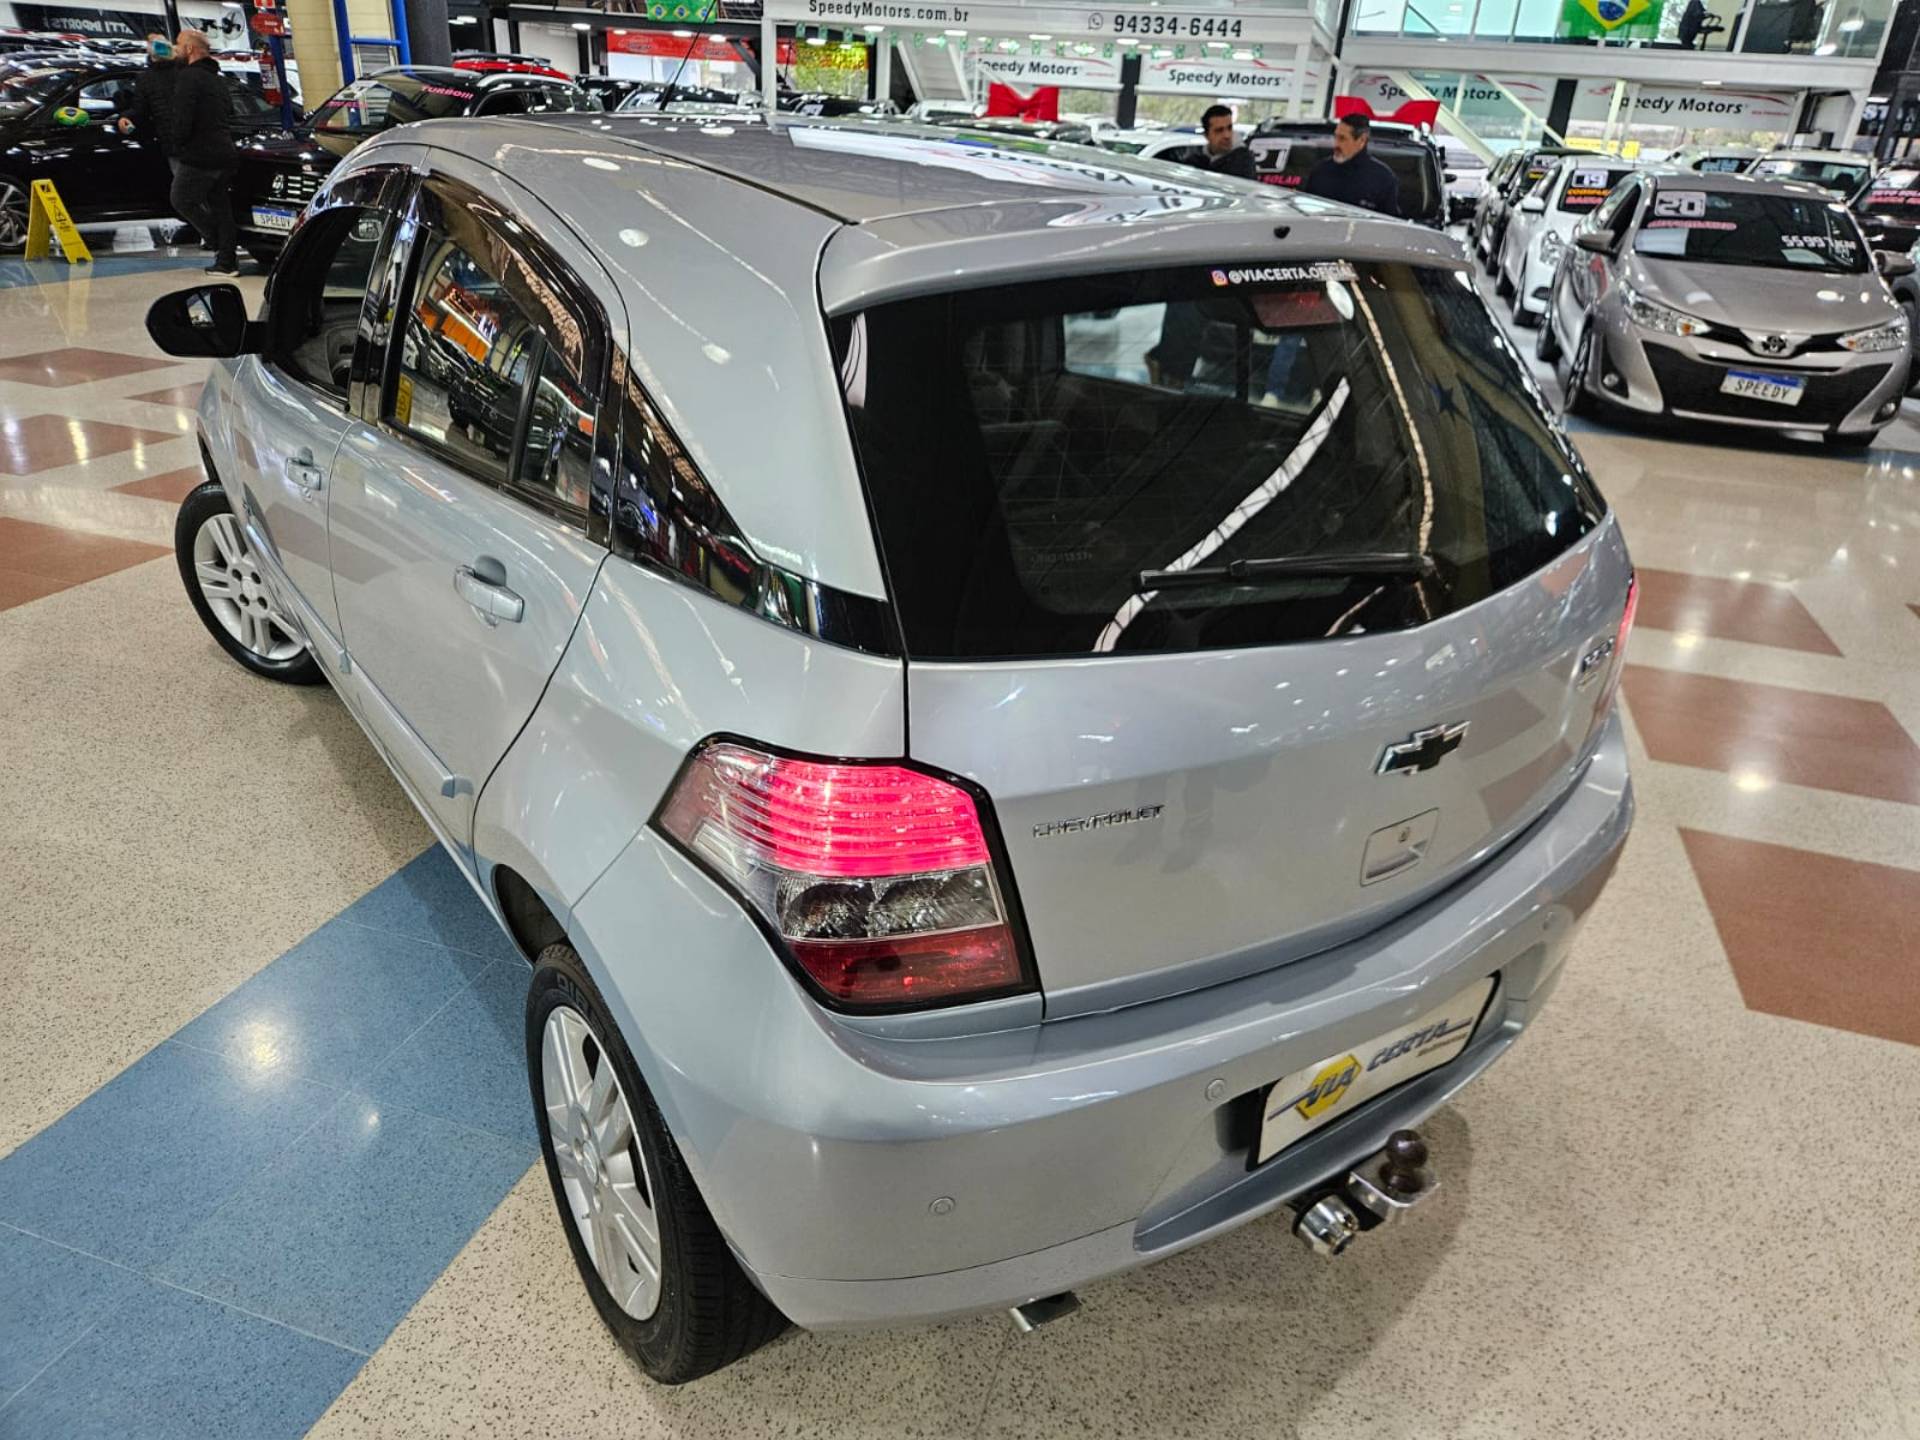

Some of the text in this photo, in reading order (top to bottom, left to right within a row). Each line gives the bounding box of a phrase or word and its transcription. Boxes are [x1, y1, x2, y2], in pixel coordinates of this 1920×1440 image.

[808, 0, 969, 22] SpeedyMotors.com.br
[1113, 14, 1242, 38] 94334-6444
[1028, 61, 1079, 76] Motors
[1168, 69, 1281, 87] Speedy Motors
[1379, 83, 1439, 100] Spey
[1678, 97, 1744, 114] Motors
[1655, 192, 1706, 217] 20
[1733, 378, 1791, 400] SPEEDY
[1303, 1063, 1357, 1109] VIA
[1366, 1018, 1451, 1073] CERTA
########################################
TASK BRIEF >>
Leave the images out and transcribe the rest of the material exactly.

ANSWER FOR THIS EXERCISE >>
Some of the text in this photo, in reading order (top to bottom, left to right within a row). Each line gives the bounding box of a phrase or word and its transcription. Boxes are [x1, y1, x2, y2], in pixel coordinates of this 1920×1440 image.

[808, 0, 969, 22] SpeedyMotors.com.br
[1113, 14, 1242, 38] 94334-6444
[1028, 61, 1079, 76] Motors
[1168, 69, 1281, 87] Speedy Motors
[1379, 83, 1439, 100] Spey
[1678, 97, 1744, 114] Motors
[1655, 192, 1706, 217] 20
[1733, 378, 1791, 400] SPEEDY
[1303, 1063, 1357, 1109] VIA
[1366, 1018, 1451, 1073] CERTA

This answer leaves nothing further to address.